Plotting a Post-Crash Course
By Amy Willis
What’s wrong with economic education today? That’s the question at the heart of this week’s EconTalk, in which host Russ Roberts welcomes Maeve Cohen, Co-director of Rethinking Economics to the show. Cohen argues for a more “human-centered” approach to economics, and she and Roberts find much to agree about. Both worry about a lack of economics “common sense” in people today, even those who have taken economics courses in university. So why aren’t they getting it?
What was your experience in economics classes like? Are you one of the majority of undergrad econ students (and/or AP students) who did not or will not go on to graduate work in economics? If you did go on, what persuaded you to do so? What did you read in your economics classes? What should you have read?
These questions, given our own mission of economic education, are very close to our hearts. So please let us hear from you. Share your thoughts with us here or drop us a line via email at firstname.lastname@example.org.
1- Cohen describes the two key tenets of Rethinking Economics: democratizing economics and economic pluralism. What does she mean by each of these, and how do they compare to the traditional mode of teaching economics?
2- Cohen argues that most reading lists in economics course are sorely lacking and do not present an appropriate variety of thinkers and perspectives. This, she holds, hinders the development of students’ critical thinking. So what are some readings you think Cohen would advocate in building a better reading list? What would you suggest? What reading(s) were missing in your own experience?
3- What does Cohen mean when she says that economics is “detached from people?” How does Roberts respond to this challenge? With whom are you more sympathetic, and why?
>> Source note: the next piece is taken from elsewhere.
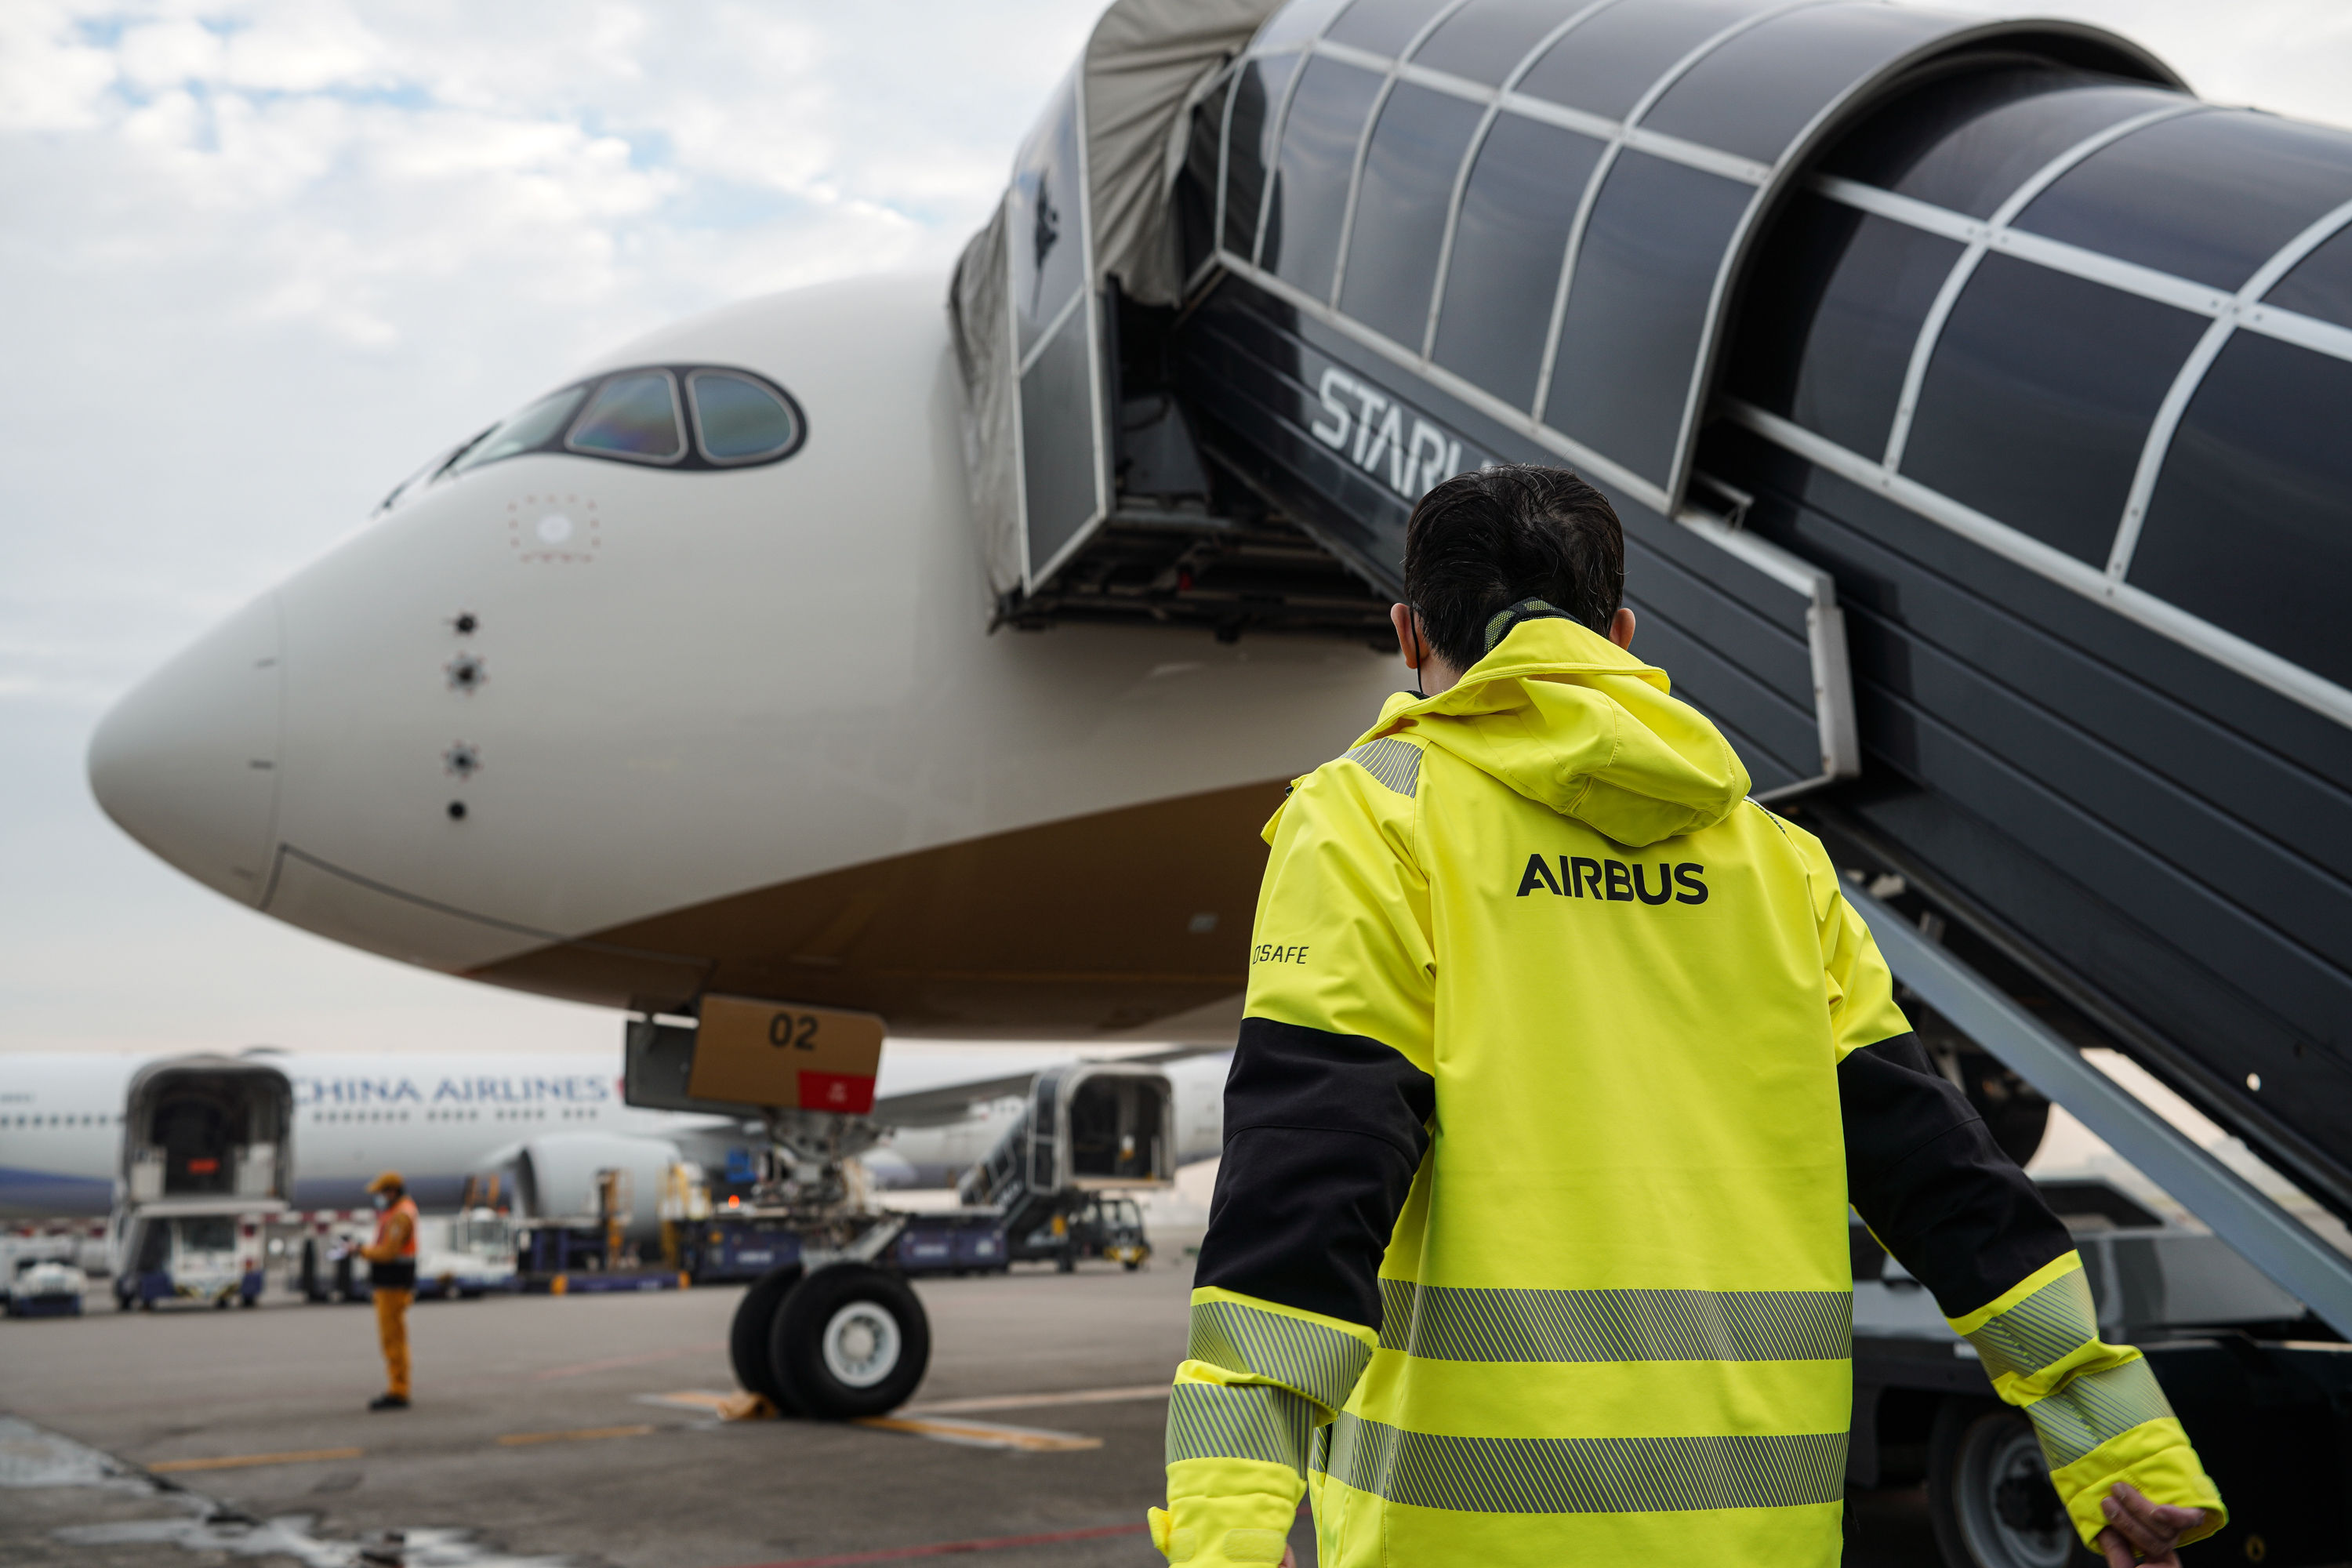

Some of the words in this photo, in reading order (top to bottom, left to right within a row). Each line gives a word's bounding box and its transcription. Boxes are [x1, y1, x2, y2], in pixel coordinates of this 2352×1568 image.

4- Roberts spends some time discussing the “romance” that surrounds Big Box stores. How does Roberts describe the costs and benefits of these behemoths in the economy? To what extent do you share Roberts’s enthusiasm for outlets such as Walmart and Amazon? While Cohen shares much of Roberts’s feelings, she adds that in cases such as these “the price mechanism doesn’t really work? What does she mean by that? To what extent do she and Roberts agree on this point?
5- The episode closes with Roberts reminding Cohen that by and large he and she do not agree. Given the similarities in the things both don’t like about economics, what is the basic nature of their disagreement? How true does Cohen’s explanation for the roots of their difference(s) strike you, and why?
BONUS- What would you like to ask Cohen and Roberts that they didn’t cover in this conversation?